ACTION ITEM: Return all of the data exactly, omitting any images.

RECORDS TO USE:
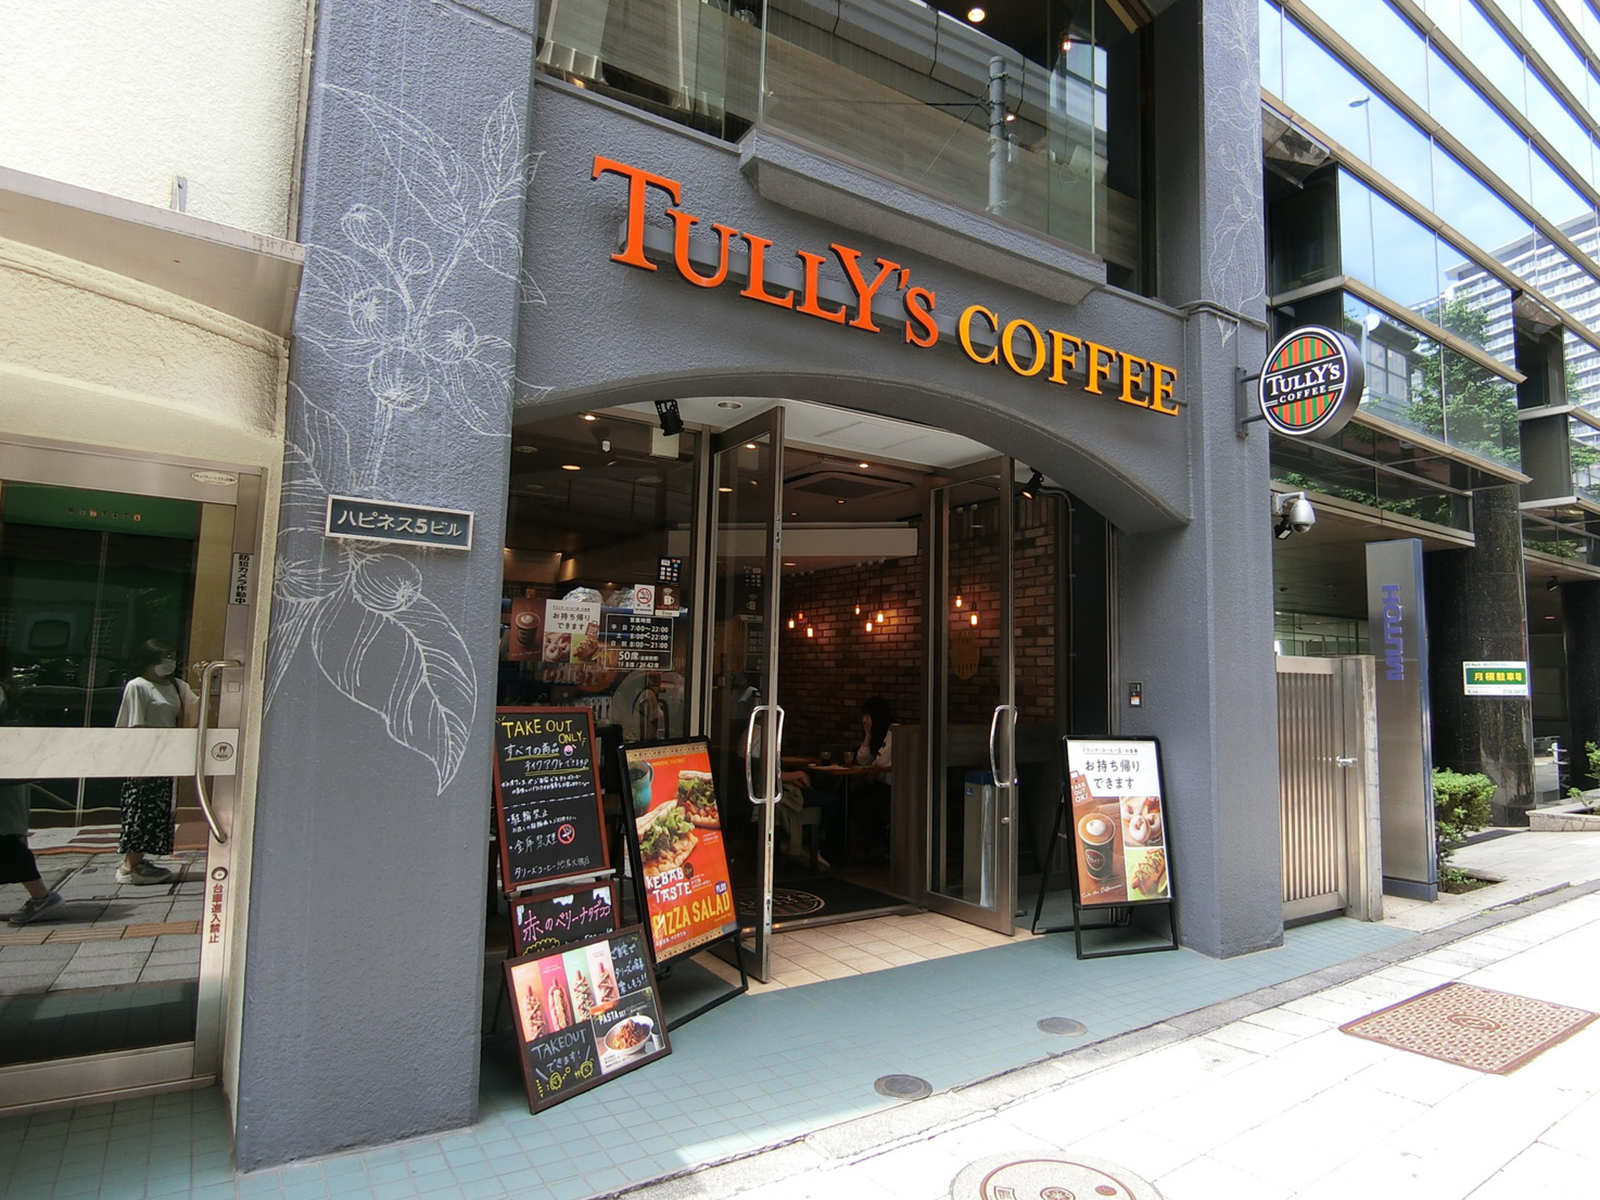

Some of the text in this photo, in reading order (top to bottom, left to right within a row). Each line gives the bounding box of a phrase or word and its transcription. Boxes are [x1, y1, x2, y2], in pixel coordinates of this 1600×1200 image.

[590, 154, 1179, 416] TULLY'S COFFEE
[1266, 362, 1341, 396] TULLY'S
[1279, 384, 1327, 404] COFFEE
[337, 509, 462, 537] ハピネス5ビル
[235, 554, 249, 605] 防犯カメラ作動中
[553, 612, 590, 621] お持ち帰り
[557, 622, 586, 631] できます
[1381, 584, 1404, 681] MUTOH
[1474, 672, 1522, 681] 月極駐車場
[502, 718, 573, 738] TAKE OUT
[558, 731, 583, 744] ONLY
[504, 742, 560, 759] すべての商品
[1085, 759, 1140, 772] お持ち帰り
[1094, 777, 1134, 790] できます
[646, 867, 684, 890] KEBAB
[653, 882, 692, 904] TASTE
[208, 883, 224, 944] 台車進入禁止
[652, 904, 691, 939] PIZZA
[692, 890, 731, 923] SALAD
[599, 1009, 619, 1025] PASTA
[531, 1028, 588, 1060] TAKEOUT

COMPLETED EXERCISE:
Some of the text in this photo, in reading order (top to bottom, left to right within a row). Each line gives the bounding box of a phrase or word and its transcription. Boxes are [x1, y1, x2, y2], in pixel coordinates of this 1600×1200 image.

[590, 154, 1179, 416] TULLY'S COFFEE
[1266, 362, 1341, 396] TULLY'S
[1279, 384, 1327, 404] COFFEE
[337, 509, 462, 537] ハピネス5ビル
[235, 554, 249, 605] 防犯カメラ作動中
[553, 612, 590, 621] お持ち帰り
[557, 622, 586, 631] できます
[1381, 584, 1404, 681] MUTOH
[1474, 672, 1522, 681] 月極駐車場
[502, 718, 573, 738] TAKE OUT
[558, 731, 583, 744] ONLY
[504, 742, 560, 759] すべての商品
[1085, 759, 1140, 772] お持ち帰り
[1094, 777, 1134, 790] できます
[646, 867, 684, 890] KEBAB
[653, 882, 692, 904] TASTE
[208, 883, 224, 944] 台車進入禁止
[652, 904, 691, 939] PIZZA
[692, 890, 731, 923] SALAD
[599, 1009, 619, 1025] PASTA
[531, 1028, 588, 1060] TAKEOUT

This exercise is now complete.